Regulatory Accounting Reports. Each bank with $500 million or more in
assets is required to submit an annual report to the FDIC, as well as any other
federal banking agency with authority over the bank, and any appropriate state
banking agency. This report must contain a statement regarding management's
responsibilities for: (i) preparing financial statements; (ii) establishing and
maintaining adequate internal controls; and (iii) complying with applicable laws
and regulations. In addition to having an audited financial statement by an
independent accounting firm on an annual basis, the accounting firm must
determine and report as to whether the financial statements are presented fairly
and in accordance with generally accepted accounting principles and comply with
other requirements of the applicable federal banking authority. In addition, the
accountants must attest to and report to the regulators separately on
management's compliance with internal controls.
Truth in Savings.

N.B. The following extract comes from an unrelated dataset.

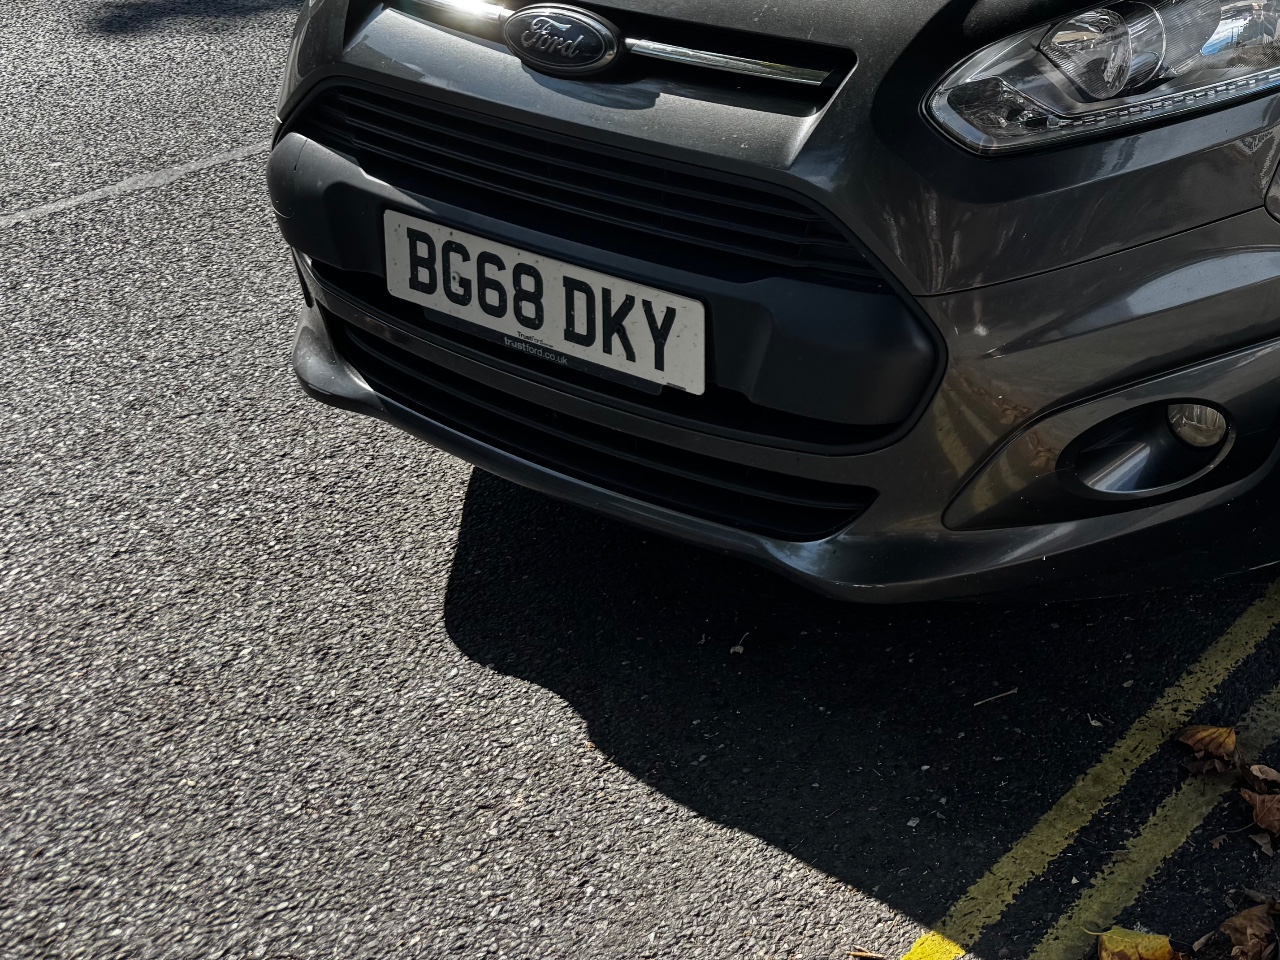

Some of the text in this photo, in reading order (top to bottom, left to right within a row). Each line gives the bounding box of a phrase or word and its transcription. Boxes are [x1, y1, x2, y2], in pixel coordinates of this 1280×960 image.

FDICIA further established a new truth in savings
scheme, providing for clear and uniform disclosure of terms and conditions on
which interest is paid and fees are assessed on deposits. The FRB's Regulation
DD, implementing the Truth in Savings Act, became effective June 21, 1993.
Brokered Deposits. Effective June 16, 1992, FDICIA placed restrictions
on the ability of banks to obtain brokered deposits or to solicit and pay
interest rates on deposits that are significantly higher than prevailing rates.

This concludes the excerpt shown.